AIM OF THE TASK | Transcribe each record exactly, but omit pictures.
*** EXTRACTED DATA ***
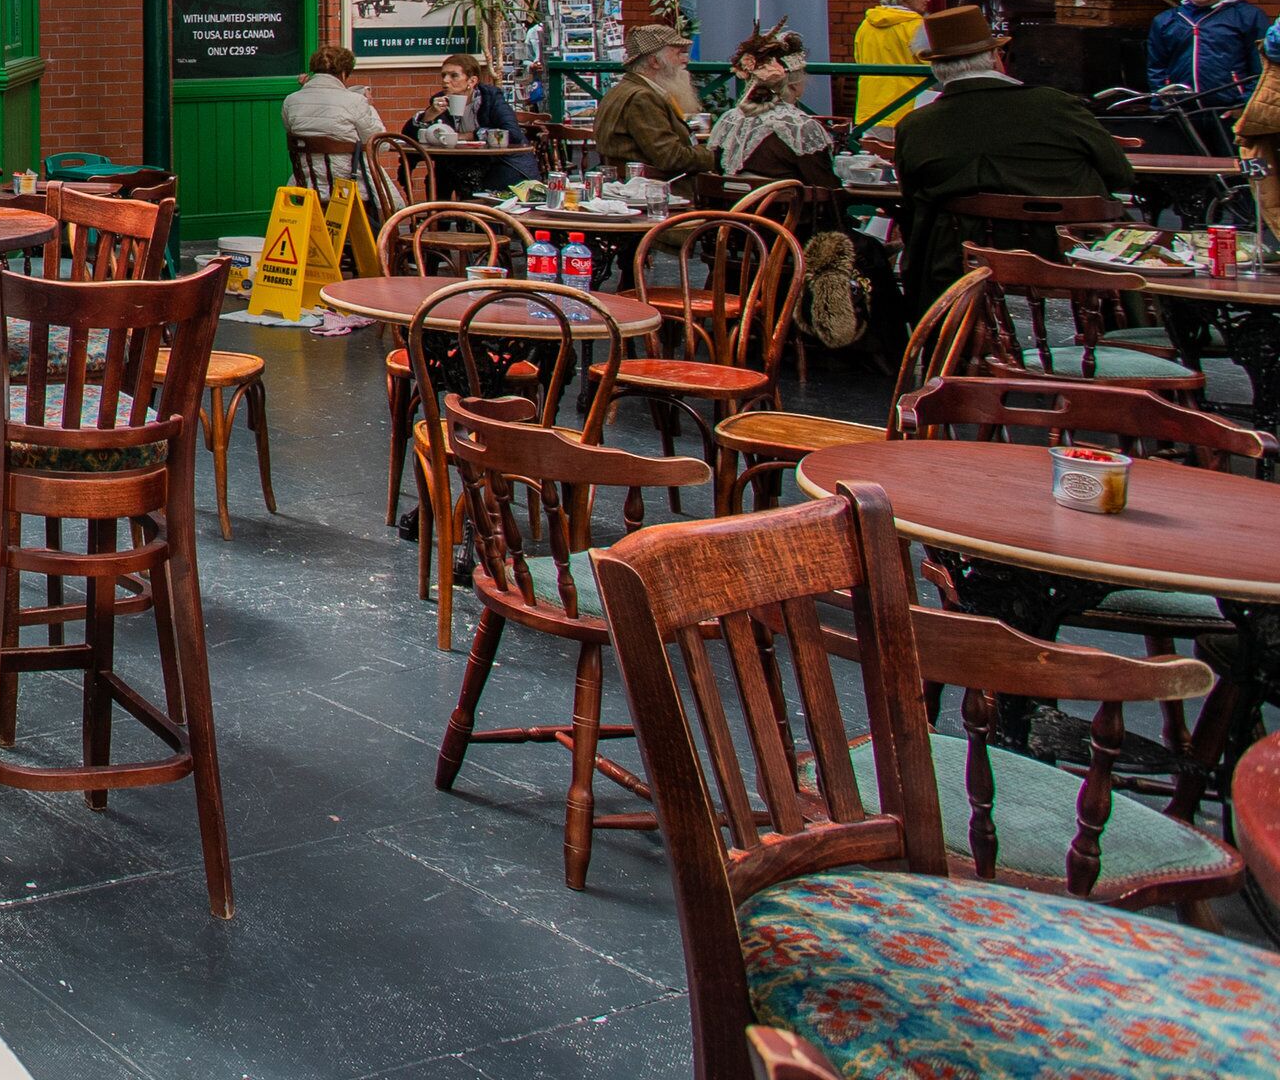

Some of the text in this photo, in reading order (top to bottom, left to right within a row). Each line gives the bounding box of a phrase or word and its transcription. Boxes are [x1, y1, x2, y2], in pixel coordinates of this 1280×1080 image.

[183, 13, 282, 23] WITH UNLIMITED SHIPPING
[192, 31, 203, 40] TO
[223, 30, 234, 39] EU
[235, 30, 242, 39] &
[242, 30, 275, 39] CANADA
[363, 39, 378, 47] THE
[381, 39, 402, 47] TURN
[405, 38, 415, 46] OF
[418, 38, 433, 46] THE
[207, 47, 228, 56] ONLY
[1239, 158, 1261, 174] 15
[262, 263, 290, 275] CLEANING
[290, 268, 297, 276] IN
[263, 275, 293, 286] PROGRESS
***
EXERCISE RESPONSE |
Some of the text in this photo, in reading order (top to bottom, left to right within a row). Each line gives the bounding box of a phrase or word and its transcription. Boxes are [x1, y1, x2, y2], in pixel coordinates of this 1280×1080 image.

[183, 13, 282, 23] WITH UNLIMITED SHIPPING
[192, 31, 203, 40] TO
[223, 30, 234, 39] EU
[235, 30, 242, 39] &
[242, 30, 275, 39] CANADA
[363, 39, 378, 47] THE
[381, 39, 402, 47] TURN
[405, 38, 415, 46] OF
[418, 38, 433, 46] THE
[207, 47, 228, 56] ONLY
[1239, 158, 1261, 174] 15
[262, 263, 290, 275] CLEANING
[290, 268, 297, 276] IN
[263, 275, 293, 286] PROGRESS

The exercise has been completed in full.